Skiing is a challenging sport to master. Practicing every season can do wonders in improving your skiing techniques such as speed, jumps and tricks. Becoming a better skier takes more than regular ski runs, you have to carefully condition your body and improve factors that affect performance such as stance, form and balance.

Instructions

    • 1

      Improve balance by relaxing your toes and flexing your ankles. When your toes are relaxed, the joints in your lower body remain loose and better equipped to absorb varying terrain.
      Focus on bending your ankles forward instead of flexing your knees. When you flex the ankles forward, the knees also bend naturally, allowing you to maintain a more balanced and upright stance. Performing these two simple tasks improves balance and form.

    • 2

      Keep both shins in contact with your ski boot tongues.
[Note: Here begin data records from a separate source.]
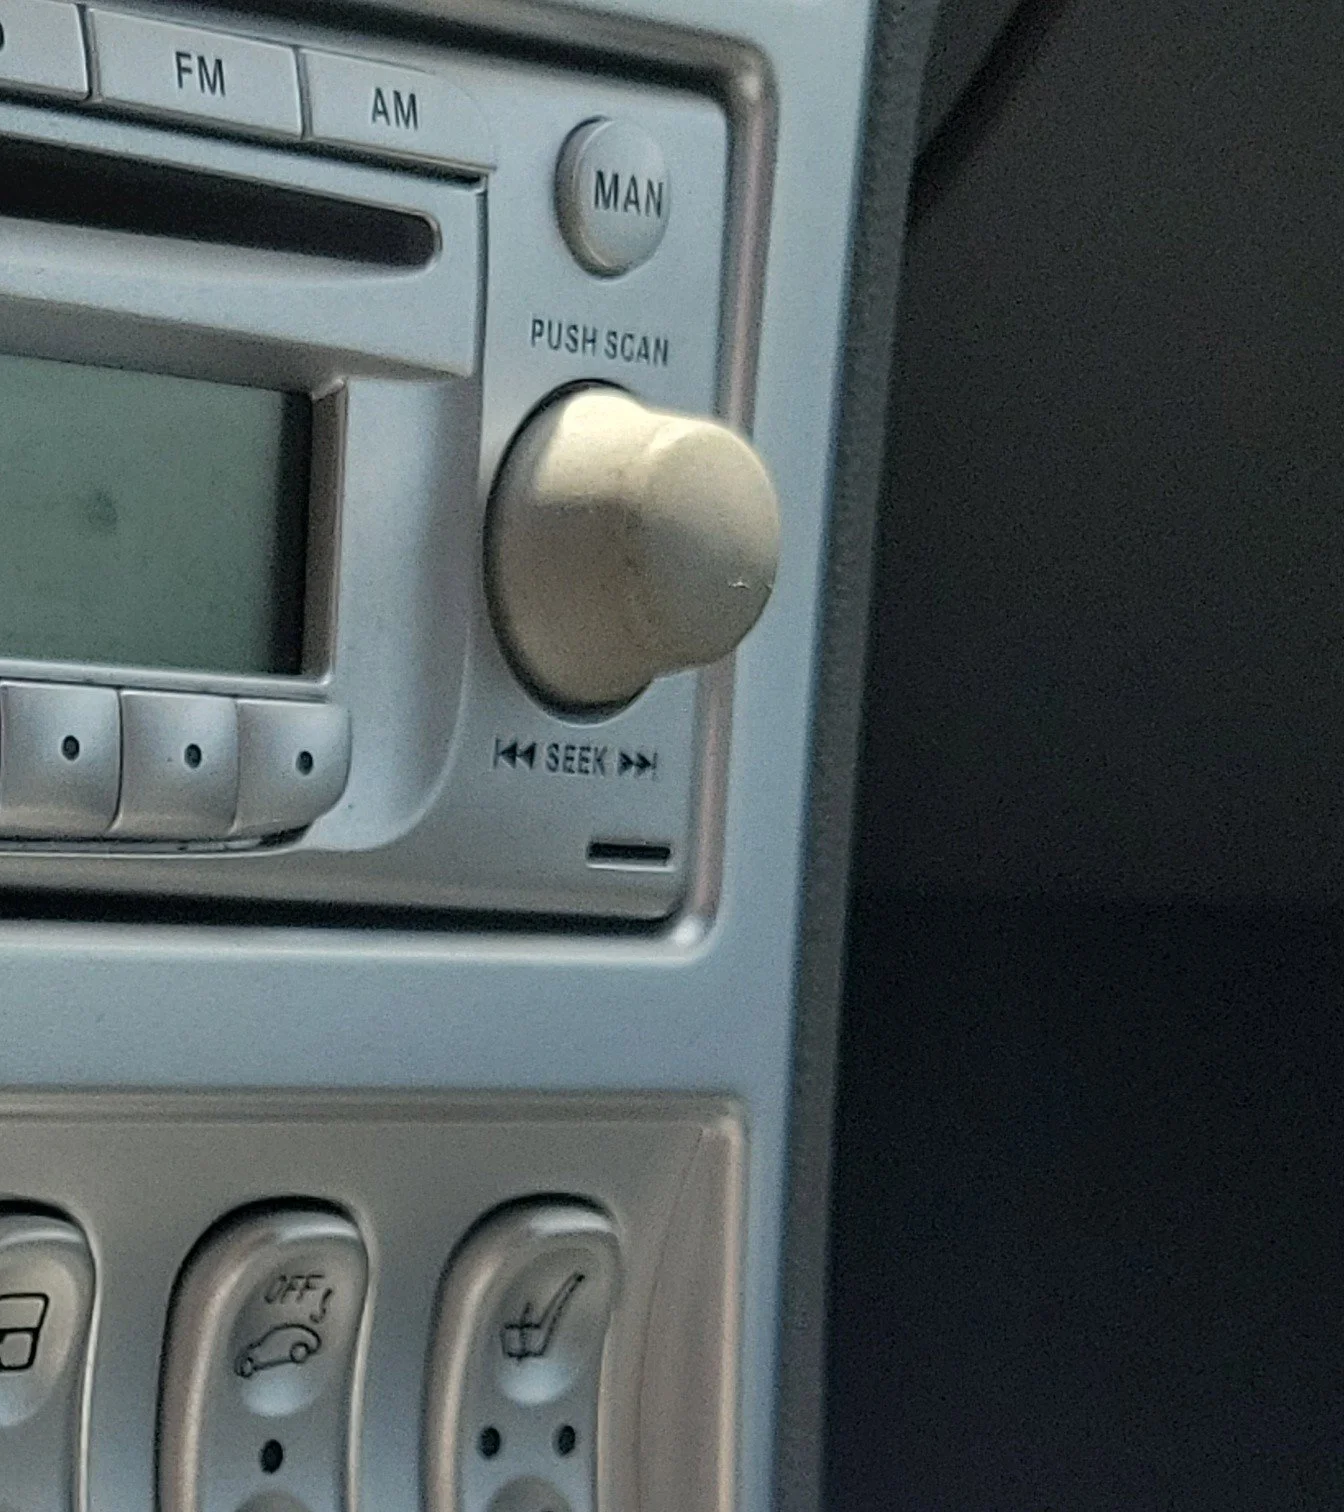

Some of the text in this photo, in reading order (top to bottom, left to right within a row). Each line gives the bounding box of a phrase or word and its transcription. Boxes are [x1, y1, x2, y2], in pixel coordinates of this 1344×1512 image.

[175, 51, 226, 97] FM
[370, 87, 419, 130] AM
[593, 169, 662, 219] MAN
[530, 318, 668, 366] PUSH SCAN
[544, 742, 608, 776] SEEK
[264, 1275, 325, 1304] OFF
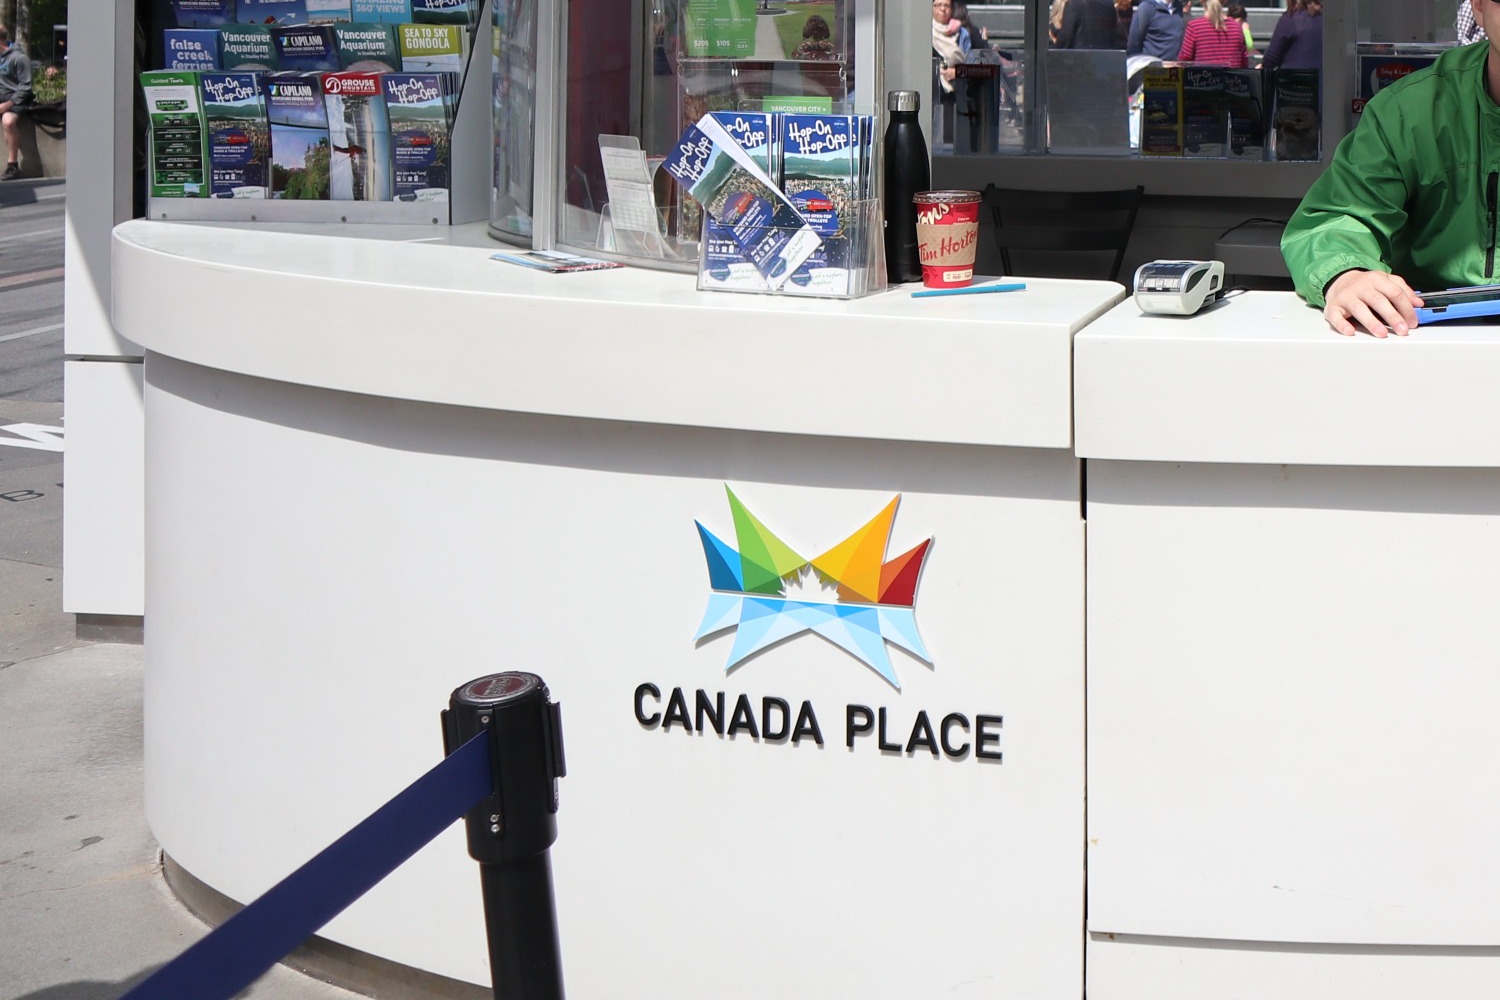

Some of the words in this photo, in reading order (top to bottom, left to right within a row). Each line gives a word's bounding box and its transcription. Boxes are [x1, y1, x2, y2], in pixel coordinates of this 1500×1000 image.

Avoid leaning back on your skis because this makes it harder for you to turn. When your shins are against the boot tongues, your body weight stays centered, providing better control and maneuverability.

    • 3

      Improve your turns by rolling the skis from edge to edge. When finishing a turn, instead of flattening the skis before the upcoming curve, roll the skis immediately into the next turn. This helps prevent you from getting tossed around bumps and chunks on the slopes, because flat-positioned skis are more easily thrown off, causing you to fall unexpectedly. This technique also makes your movement more fluid, which improves control while lessening slips and falls.

    • 4

      Prepare for the ski season by conditioning your body and improving overall fitness. Stay active by running, bicycling and performing other endurance exercises. Do workouts such as the hamstring curl and downhill lunge. The hamstring curl strengthens the core and hamstrings which helps protect against knee injuries. To do the hamstring curl, lie flat on your back and position both heels on top of an exercise ball. Keep you arms on the side and lift your hips off the ground. Roll the ball in toward you until your feet fall flat on the surface of the exercise ball. Roll back to the beginning position. Repeat 15 to 25 times.
      Downhill lunges aid in improving your skiing by simulating carving turns on the snow slopes. To perform downhill lunges, assume the ski stance and step laterally while flexing your lead knee to 90 degrees. Quickly push back to the starting position and repeat on the opposite knee, while staying low as if skiing. Repeat 10 to 20 times.